German pathologist (1837–1917)

Otto von Schrön (7 September 1837 - 13 May 1917) was a German physician and epidemiologist born in Hof, Bavaria. He served as a professor of anatomy at the University of Napoli.

==Biography==
From 1855, he studied medicine at the University of Erlangen and the Ludwig-Maximilians-Universität München. After obtaining his medical degree, he relocated to Italy, working at the University of Turin and the University of Pavia. In 1864, he became a professor of pathological anatomy at the University of Napoli.

While still a student, he took part in Karl Thiersch's research that demonstrated the epithelial origin of cancer. He performed histological and histopathological studies of the skin and was the first scientist to discover desmosomes and the tonofilament system, but was unable to identify the role these structures played from a physiological basis.

During the early part of the century, Schrön claimed that there were pathological differences between tuberculosis and lung phthisis, asserting the existence of a phthisiogenous microbe.

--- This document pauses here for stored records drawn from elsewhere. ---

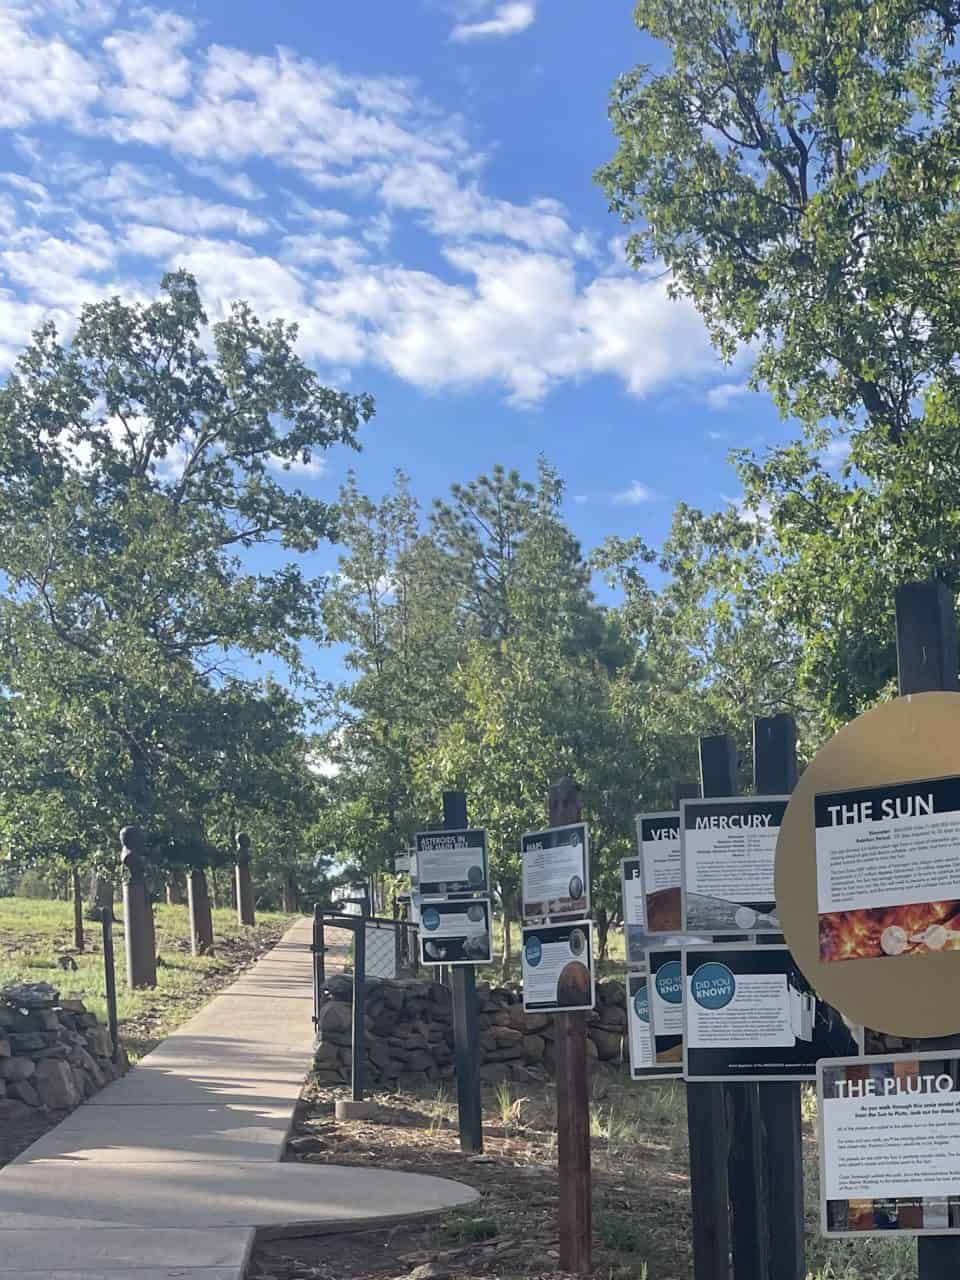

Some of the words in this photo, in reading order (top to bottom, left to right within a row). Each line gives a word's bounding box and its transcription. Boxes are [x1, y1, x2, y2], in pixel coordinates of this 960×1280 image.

[828, 803, 873, 827] THE
[881, 794, 934, 820] SUN
[695, 814, 773, 831] MERCURY
[650, 826, 680, 841] VEN
[660, 983, 682, 994] KNO
[695, 980, 710, 990] DID
[712, 977, 731, 987] YOU
[696, 985, 731, 999] KNOW?
[835, 1080, 876, 1099] THE
[884, 1074, 954, 1096] PLUTO
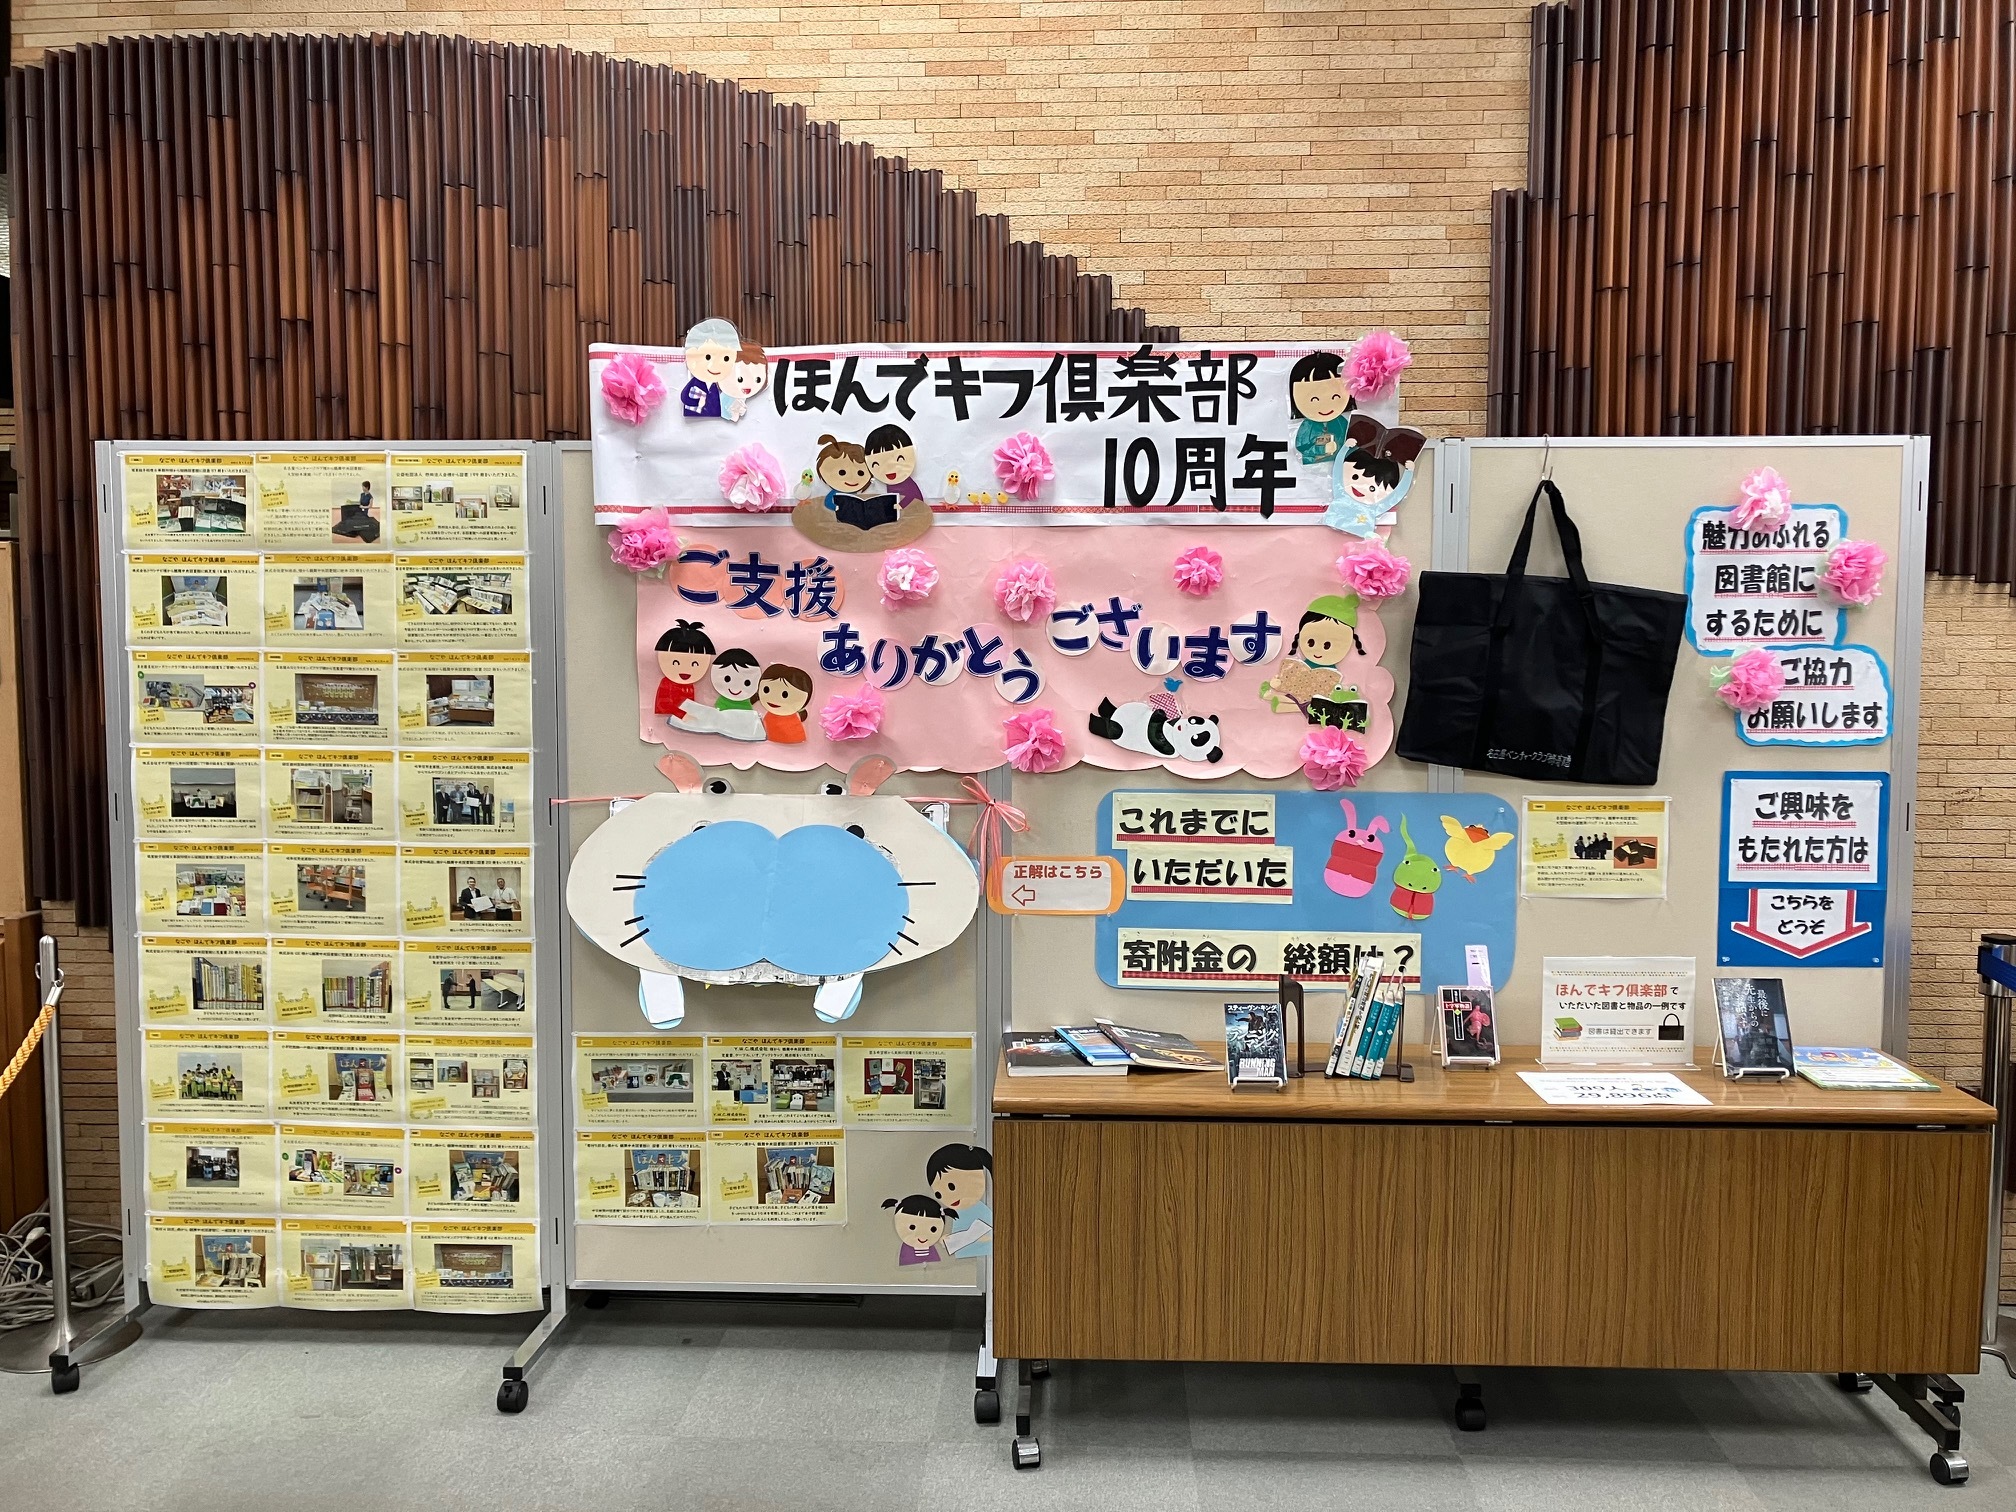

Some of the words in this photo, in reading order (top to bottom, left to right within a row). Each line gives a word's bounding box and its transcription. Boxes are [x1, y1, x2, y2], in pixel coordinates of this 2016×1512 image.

[774, 344, 1257, 426] ほんでキフ倶楽部
[1104, 434, 1298, 517] 10周年
[1702, 520, 1830, 550] 魅力あふれる
[677, 547, 841, 619] ご支援
[1715, 563, 1816, 594] 図書館に
[1706, 609, 1823, 637] するために
[820, 622, 1043, 704] ありがとう
[1047, 596, 1283, 683] ございます
[1780, 656, 1852, 686] ご協力
[1747, 701, 1882, 729] お願いします
[1755, 791, 1854, 821] ご興味を
[1118, 806, 1270, 837] これまでに
[1738, 835, 1869, 863] もたれた方は
[1013, 863, 1103, 881] 正解はこちら
[1133, 856, 1288, 887] いただいた
[1770, 895, 1834, 910] こちらを
[1122, 940, 1256, 973] 寄附金の
[1559, 1002, 1687, 1011] いただいた図書と物品の一例です
[1588, 1028, 1651, 1036] 図書は貸出できます
[1239, 1058, 1276, 1068] RUNNING
[1256, 1067, 1275, 1077] MAN

For his accomplishments in his work against cholera, typhoid and other infectious diseases, in 1863 he was proclaimed "Cholera-Kommissar" in Naples, and in 1869 became an honorary citizen of the city. In 1883, he was ennobled by King Ludwig II of Bavaria, and awarded with the "Order of Merit" of the Bavarian crown. Schrön died on 13 May 1917 in Naples. He was succeeded as professor of anatomy by Giuseppe Pianese, one of his students.

== Publications ==
- Sulla genesi dei microorganismi ed i loro prodotti di secrezione, 1892.
- Le due conferenze dimostrative ed una communicazione fasse a Napoli al congresso contro la tuberculosi nel, 1900.
- Biologia minerale, 1901.
- Il nuovo microbo della tisi, 1904.
- Der neue Microbe der Lungenphthise und der Unterschied zwischen Tuberkulose und Schwindsucht, 1904 - A new microbe for lung phthisis, and the differences between tuberculosis and phthisis.